L3Harrisのミサイル・ソリューション部門を率いるKen Bedingfieldは、本契約によりPAC-3推進システム製造能力の継続的な拡大が可能になると述べ、これは近年この分野に多大な資源を投じてきた組織にとって自然な流れであると位置づけました。

大規模な機関投資家の動き

第2四半期中に、カリフォルニア州教職員退職年金制度(CalSTRS)はLHXの保有株を27,873%拡大しました。同年金基金は現在、243.4億ドルの価値を持つ8,376万株を保有し、会社全体の約45%(44.98%)を占めています。機関投資家全体ではL3Harris株の84.76%を保有しています。

好調な四半期決算と引き下げられた目標株価

L3Harrisは第2四半期の1株当たり利益(EPS)が3.13ドルとなり、コンセンサス予想の2.80ドルを0.33ドル上回りました。売上高は58.8億ドルに達し、前年同期比8.4%増加して58.1億ドルの予想を上回りました。

経営陣は2026年通期のEPSガイダンスを11.80ドルから12.00ドルに設定し、アナリストは通期で11.88ドルを予想しています。

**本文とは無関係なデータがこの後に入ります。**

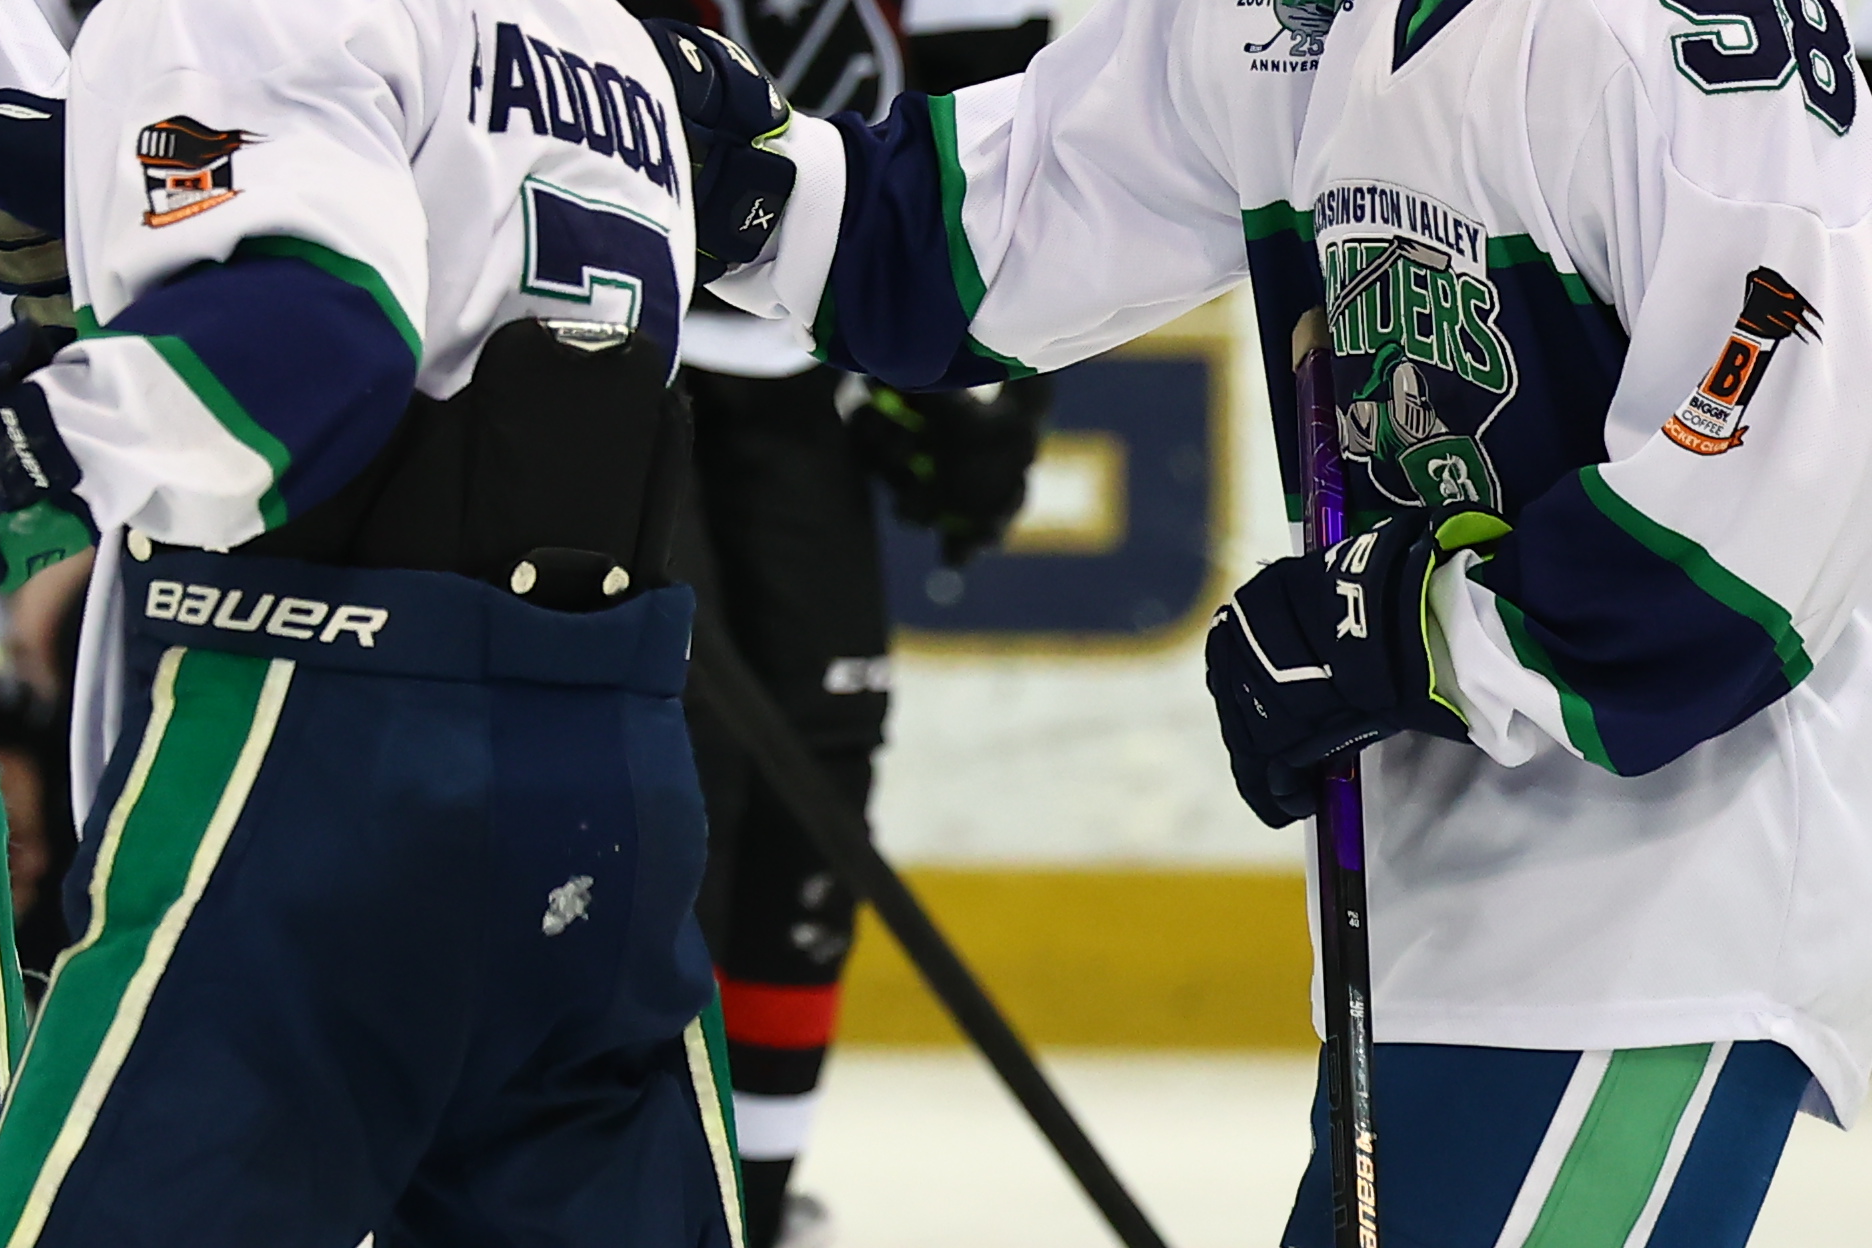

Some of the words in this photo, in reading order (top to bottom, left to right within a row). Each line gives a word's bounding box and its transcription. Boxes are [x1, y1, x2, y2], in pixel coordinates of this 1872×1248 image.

[1250, 58, 1320, 73] ANNIVER
[1289, 29, 1326, 57] 25
[1404, 194, 1481, 265] VALLEY
[521, 173, 682, 389] 7
[1325, 241, 1509, 395] AIDERS
[1708, 339, 1752, 398] B
[1665, 417, 1702, 449] OCKEY
[1681, 409, 1725, 437] COFFEE
[144, 579, 389, 648] BAUER
[1355, 1153, 1378, 1248] BAUE
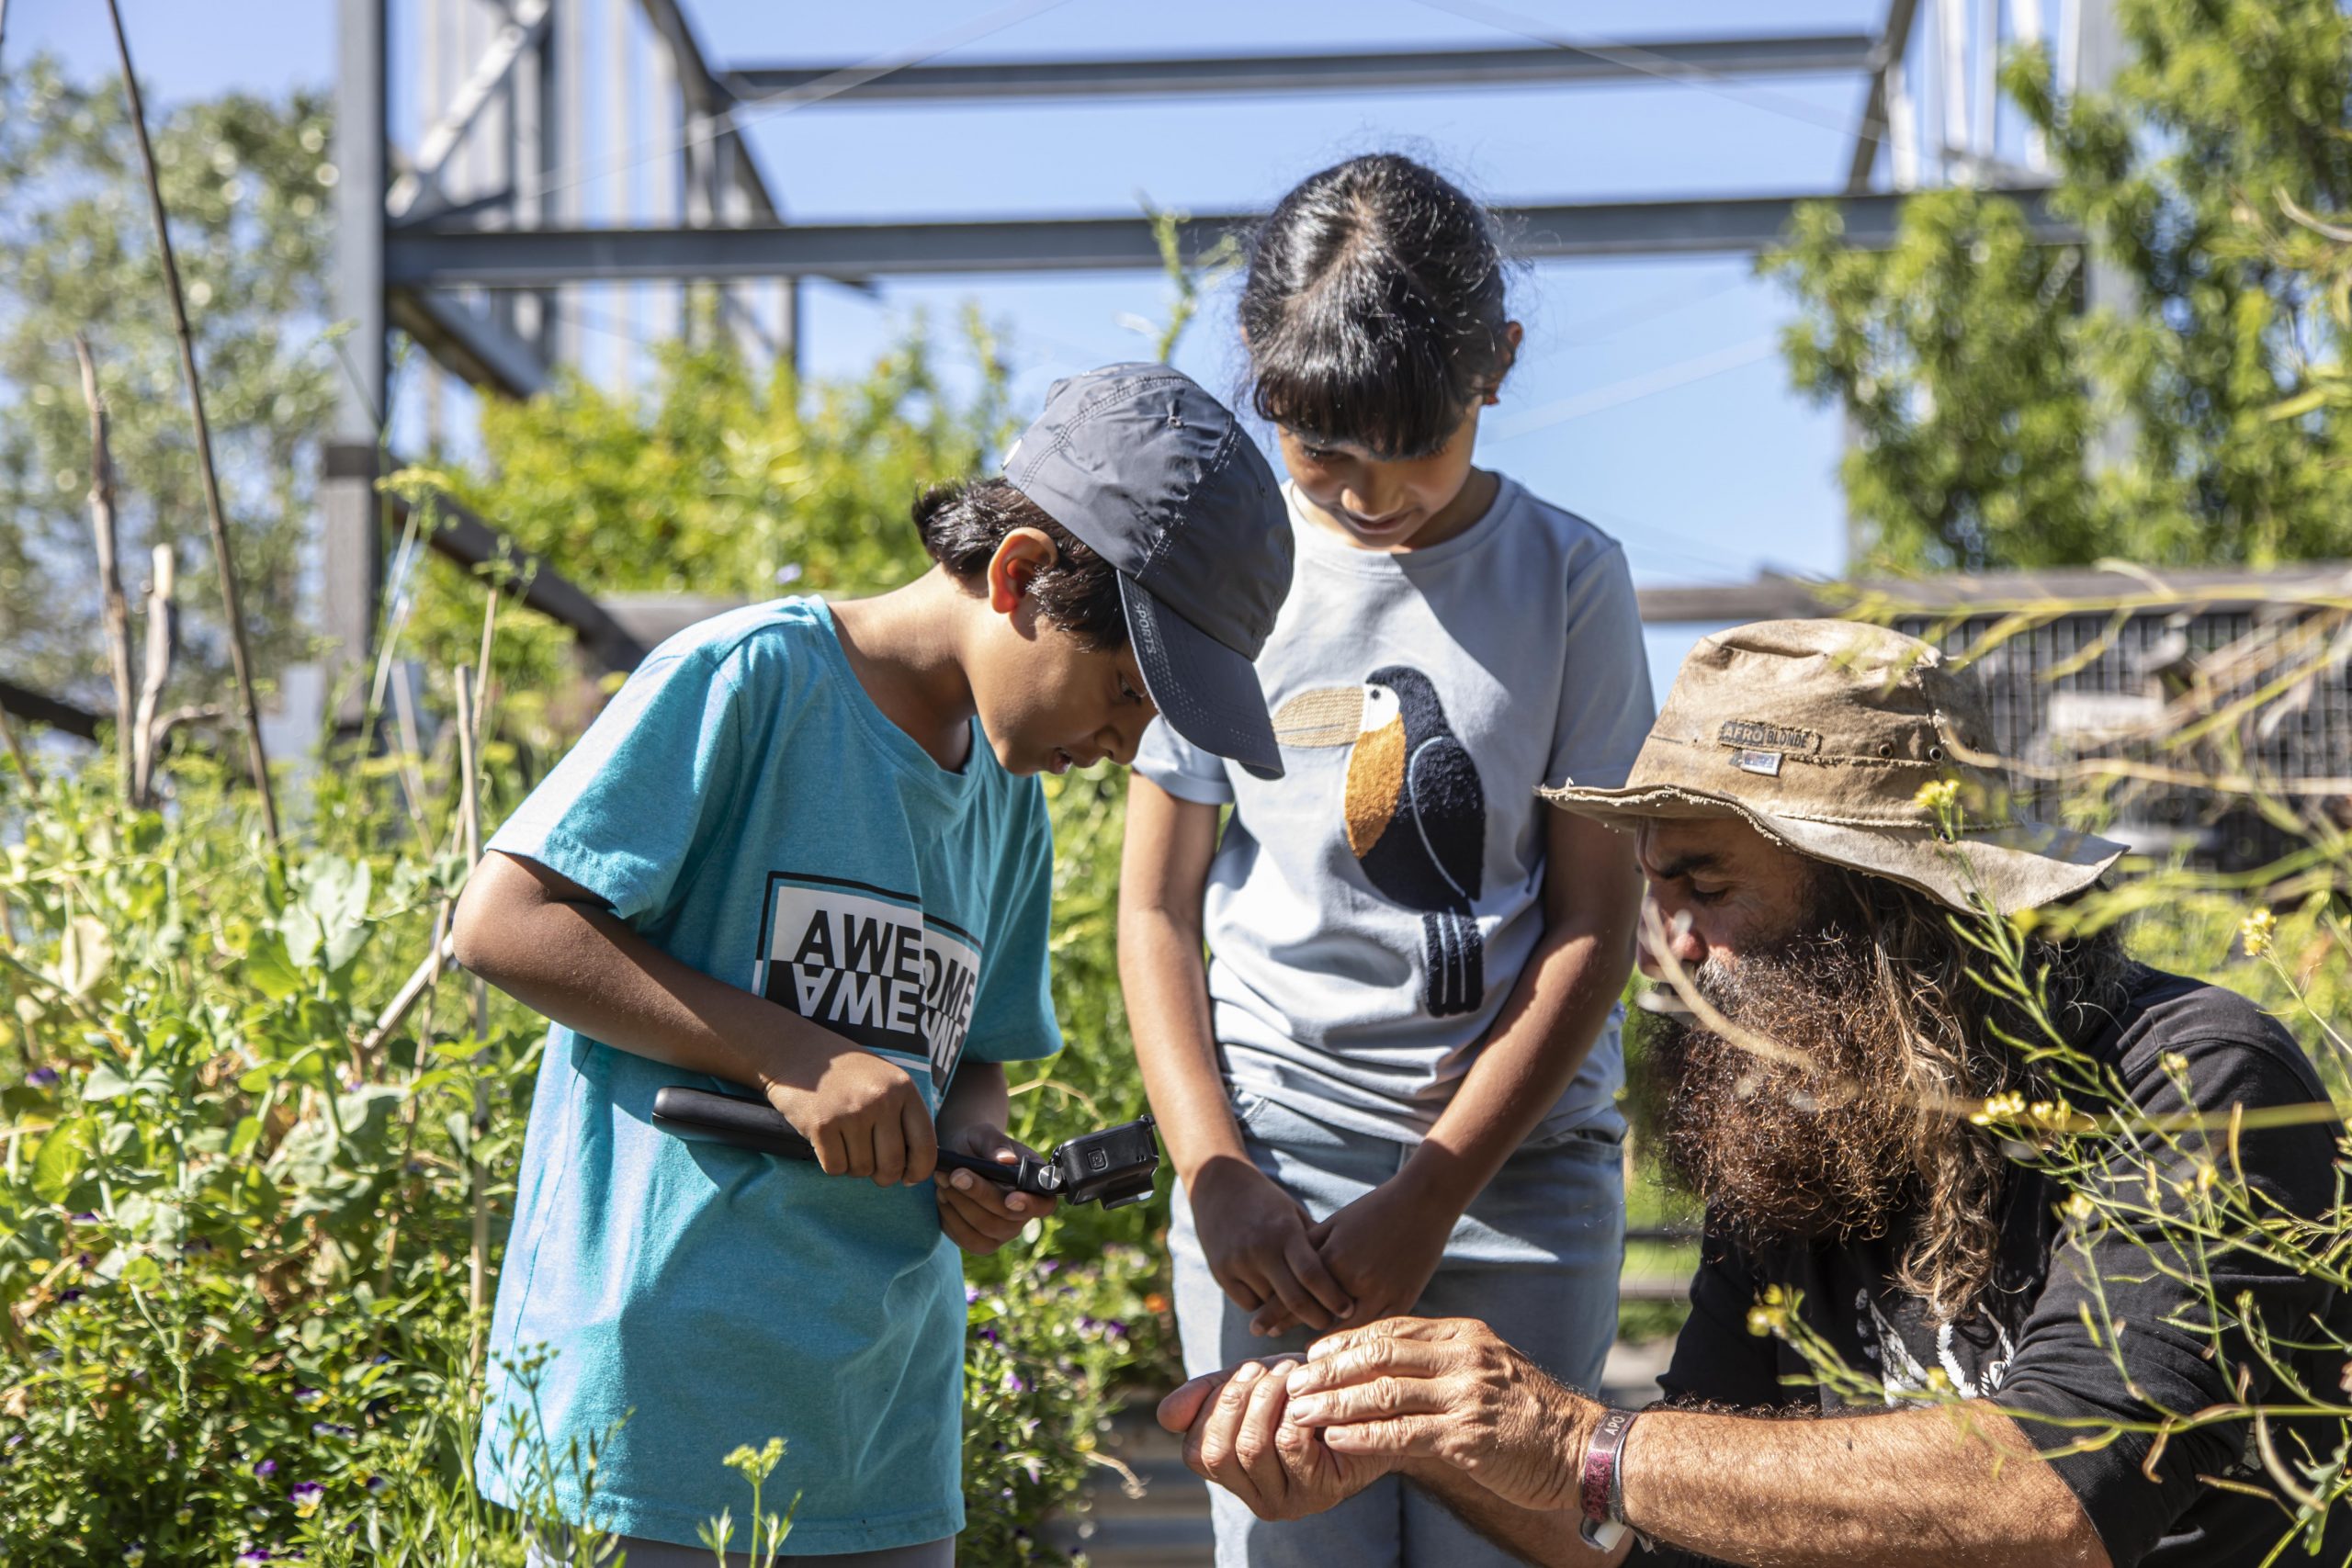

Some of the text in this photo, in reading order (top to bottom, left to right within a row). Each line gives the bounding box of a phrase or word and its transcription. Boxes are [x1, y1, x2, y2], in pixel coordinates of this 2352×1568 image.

[1134, 602, 1157, 654] SPORTS
[1724, 726, 1807, 748] AFRO BLONDE
[793, 909, 975, 1030] AWEOME

好決算にもかかわらず、複数のアナリストが目標株価を引き下げました:

  • UBS:312ドルから298ドルに引き下げ
  • Susquehanna:410ドルから350ドルに引き下げ
  • BNP Paribas Exane:330ドルから310ドルに引き下げ

アナリストの総合的なコンセンサスは引き続き「Moderate Buy(中程度の買い)」で、平均目標株価は360.45ドルと、現在の株価水準を大きく上回っています。

また、L3Harrisは1株あたり1.25ドルの四半期配当を発表し、9月18日に支払われる予定で、年利回りは1.9%です。権利落ち日は9月4日でした。

株価の52週高値は379.23ドルであり、現在の始値256.45ドルはこのピークを約48%下回っています。